Eduardo Fischer, copresidente da maior incorporadora do País, diz que a MRV vai manter postura de caixa conservadora este ano, mas, mesmo assim, vai anunciar um grande empreendimento imobiliário na zona norte de São Paulo.

Uma das poucas incorporadoras que não foram contaminadas pela crise do setor imobiliário nos últimos anos, a MRV, especializada em imóveis para baixa renda, vê um cenário ainda muito difícil para as construtoras em 2017.

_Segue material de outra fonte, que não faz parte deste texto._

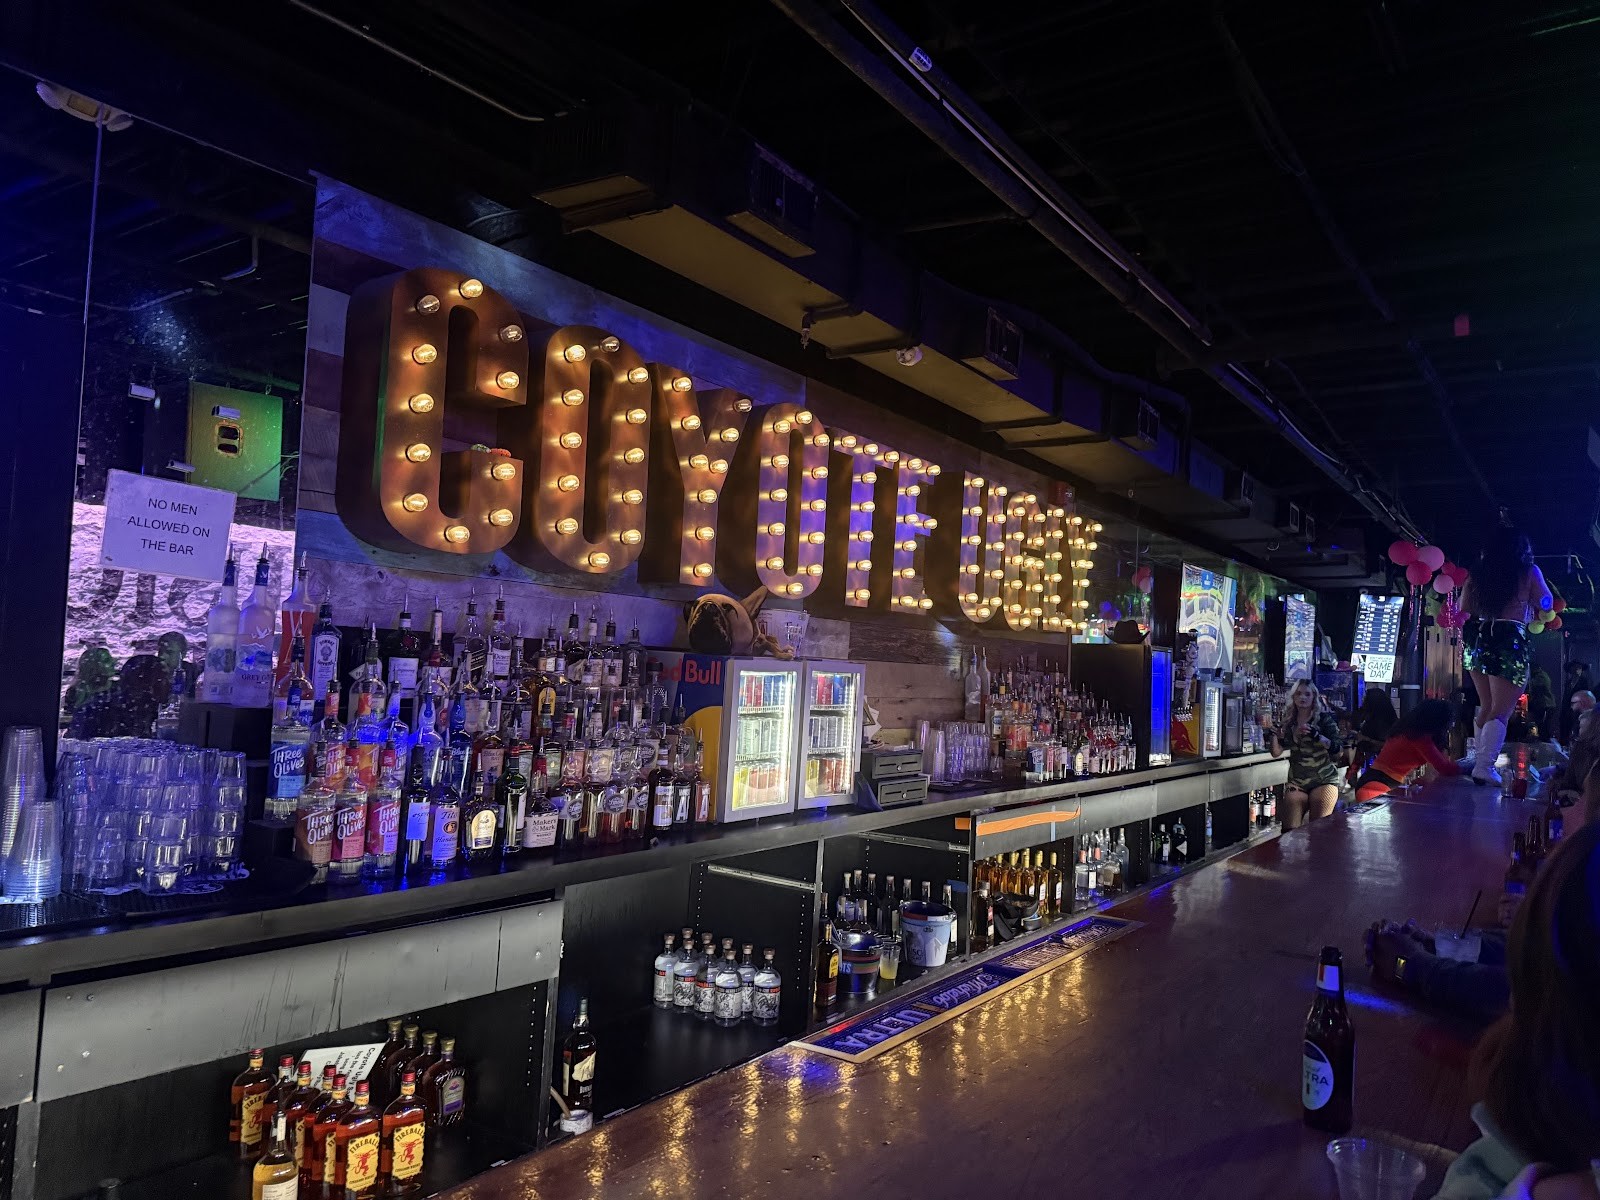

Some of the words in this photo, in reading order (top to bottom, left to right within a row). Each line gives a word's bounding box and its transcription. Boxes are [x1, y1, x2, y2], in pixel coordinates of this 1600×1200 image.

[346, 266, 942, 614] COYOTE
[957, 468, 1104, 633] UGLY
[147, 496, 169, 511] NO
[169, 501, 199, 517] MEN
[126, 514, 190, 535] ALLOWED
[191, 524, 211, 538] ON
[140, 537, 168, 553] THE
[168, 541, 195, 556] BAR
[684, 659, 722, 686] Bull
[1367, 662, 1393, 671] GAME
[1369, 670, 1388, 679] DAY
[833, 1008, 932, 1050] ULTRA
[395, 1127, 425, 1143] FIREBALL
[349, 1138, 380, 1155] FIREBALL

Eduardo Fischer, copresidente da maior incorporadora do País, diz que a MRV vai manter postura de caixa conservadora este ano, mas, mesmo assim, vai anunciar um grande empreendimento imobiliário na zona norte de São Paulo. “O setor residencial é dividido em dois segmentos: média e alta renda, que passa por uma forte crise; e baixa renda, que ainda tem demanda. Estamos do lado da demanda”, diz.

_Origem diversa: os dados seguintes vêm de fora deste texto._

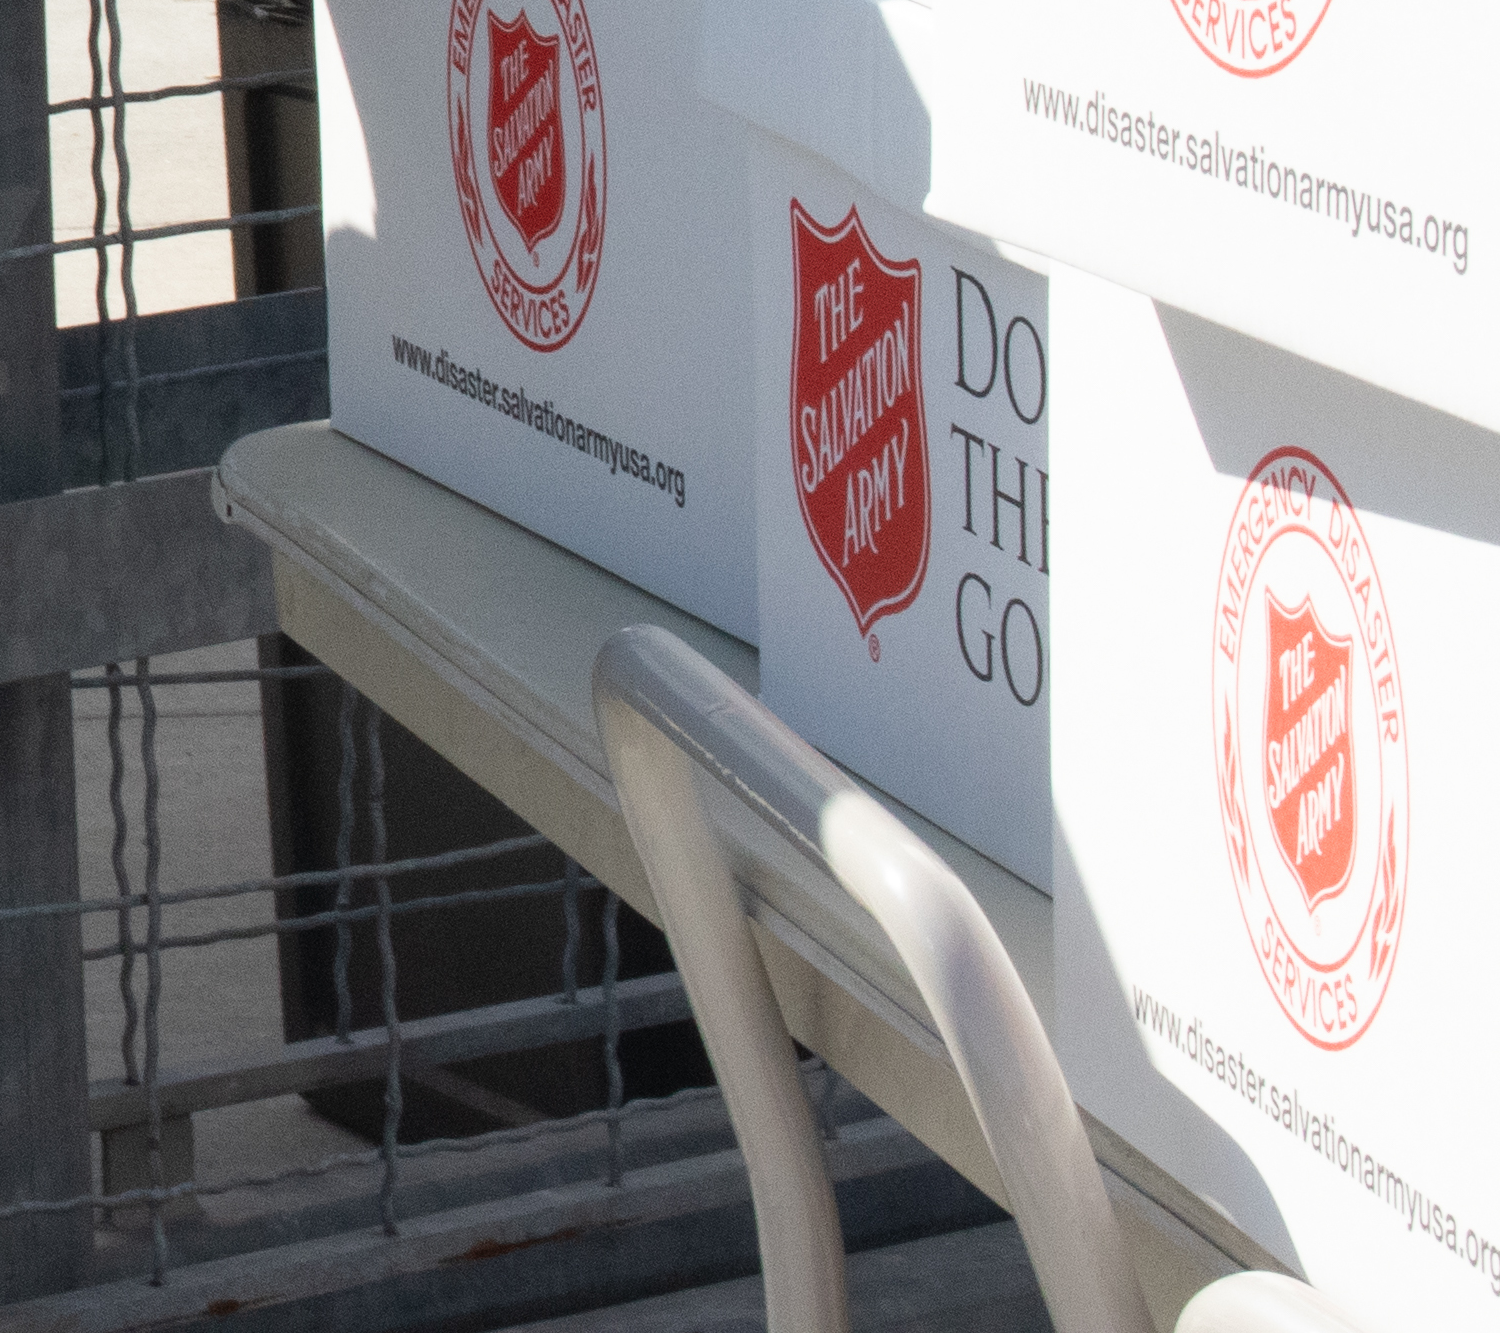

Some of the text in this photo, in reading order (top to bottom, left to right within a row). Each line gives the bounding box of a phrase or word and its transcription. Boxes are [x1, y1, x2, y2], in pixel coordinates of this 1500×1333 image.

Leia abaixo os principais trechos da entrevista concedida ao Estado:

A maioria das incorporadoras passa por uma crise profunda, com alto número de distratos e situação financeira delicada. Qual será o cenário para o setor neste ano?

Nosso setor está sofrendo imensamente, uma vez que é altamente dependente de condições macroeconômicas estáveis e de crédito. As incorporadoras sofreram em 2015 e tiveram um 2016 terrível. A expectativa é de melhora em 2017, mas em um cenário muito ruim ainda.

Os negócios da MRV serão afetados?

Temos de separar o setor em dois segmentos: média e alta renda de um lado, e baixa renda do outro. A nosso favor, o segmento de baixa renda tem uma diferença de oferta e demanda muito grande. Temos um déficit habitacional para essa camada da população (com até seis salários mínimos). Nesse caso, o crédito vem de bancos públicos e nosso consumidor acessa o FGTS.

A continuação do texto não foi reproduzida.